Is it considered a secure practice to run root privileged ENTRYPOINT ["/bin/sh", entrypoint.sh"], that later switches to non-root user before running the application?
More context:
There are a number of articles (1, 2, 3) suggesting that running the container as non-root user is a best practice in terms of security. This can be achieved using the USER appuser command, however there are cases (4, 5) when running the container as root and only switching to non-root in the an entrypoint.sh script is the only way to go around, eg:
#!/bin/sh
chown -R appuser:appgroup /path/to/volume
exec runuser -u appuser "$#"
and in Dockerfile:
COPY entrypoint.sh /entrypoint.sh
ENTRYPOINT ["/bin/sh", "entrypoint.sh"]
CMD ["/usr/bin/myapp"]
When calling docker top container I can see two processes, one root and one non-root
PID USER TIME COMMAND
5004 root 0:00 runuser -u appuser /usr/bin/myapp
5043 1000 0:02 /usr/bin/myapp
Does it mean my container is running with a vulnerability given that root process, or is it considered secure?
I found little discussion on the subject (6, 7) and none seem definitive. I've looked for similar questions on StackOverflow but couldn't find anything related (8, 9, 10) that would address the security.

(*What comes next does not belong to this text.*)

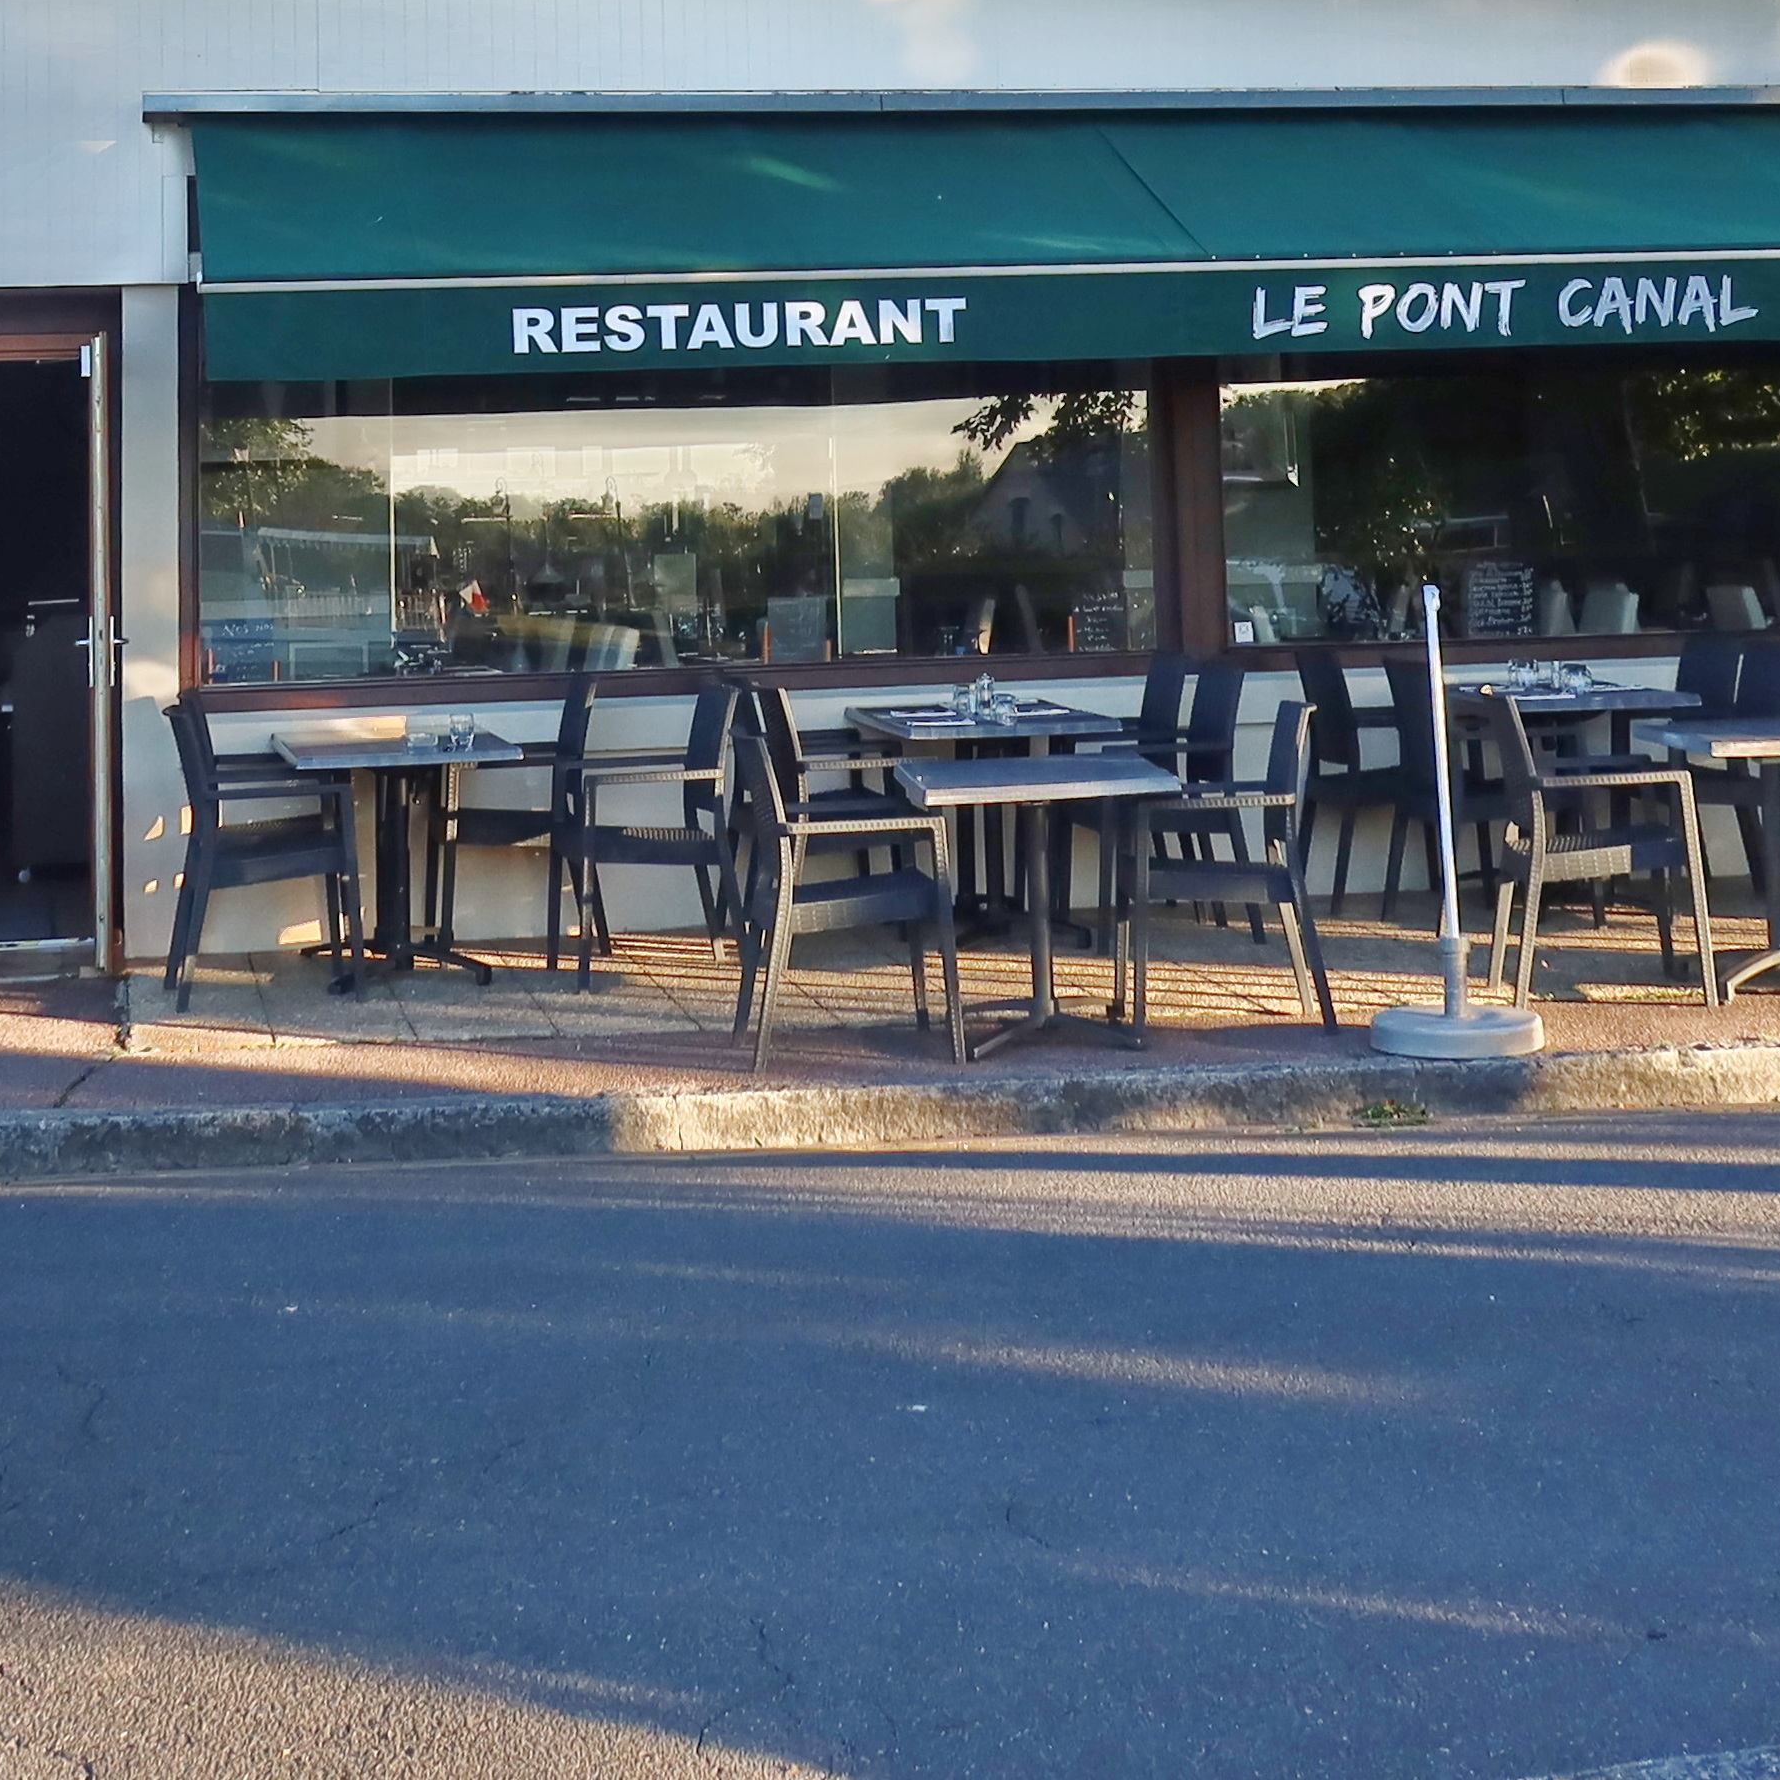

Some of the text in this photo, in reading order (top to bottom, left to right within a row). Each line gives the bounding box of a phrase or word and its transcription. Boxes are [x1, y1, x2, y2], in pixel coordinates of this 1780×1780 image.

I just looked through what relevant literature (Adrian Mouat's Docker, Liz Rice's Container Security) has to say on the topic and added my own thoughts to it:
The main intention behind the much cited best practice to run containers as non-root is to avoid container breakouts via vulnerabilities in the application code. Naturally, if your application runs as root and then your container has access to the host, e.g. via a bind mount volume, a container breakout is possible. Likewise, if your application has rights to execute system libraries with vulnerabilities on your container file system, a denial of service attack looms.
Against these risks you are protected with your approach of using runuser, since your application would not have rights on the host's root file system. Similarly, your application could not be abused to call system libraries on the container file system or even execute system calls on the host kernel.
However, if somebody attaches to your container with exec, he would be root, since the container main process belongs to root. This might become an issue on systems with elaborate access right concepts like Kubernetes. Here, certain user groups might be granted a read-only view of the cluster including the right to exec into containers. Then, as root, they will have more rights than necessary, including possible rights on the host.
In conclusion, I don't have strong security concerns regarding your approach, since it mitigates the risk of attacks via application vulnerabilities by running the application as non-root. The fact that you run to container main process as root, I see as a minor disadvantage that only creates problems in niche access control setups, where not fully trusted subjects get read-only access to your system.
In your case runuser process (PID 1) stays alive. If you want to substitute PID 1, use
Dockerfile
ENTRYPOINT ["/bin/bash", "/var/usr/entrypoint.sh" ]
entrypoint.sh
#add user&group if not existing
exec su -l USERNAME -c "/bin/bash /var/usr/starting.sh"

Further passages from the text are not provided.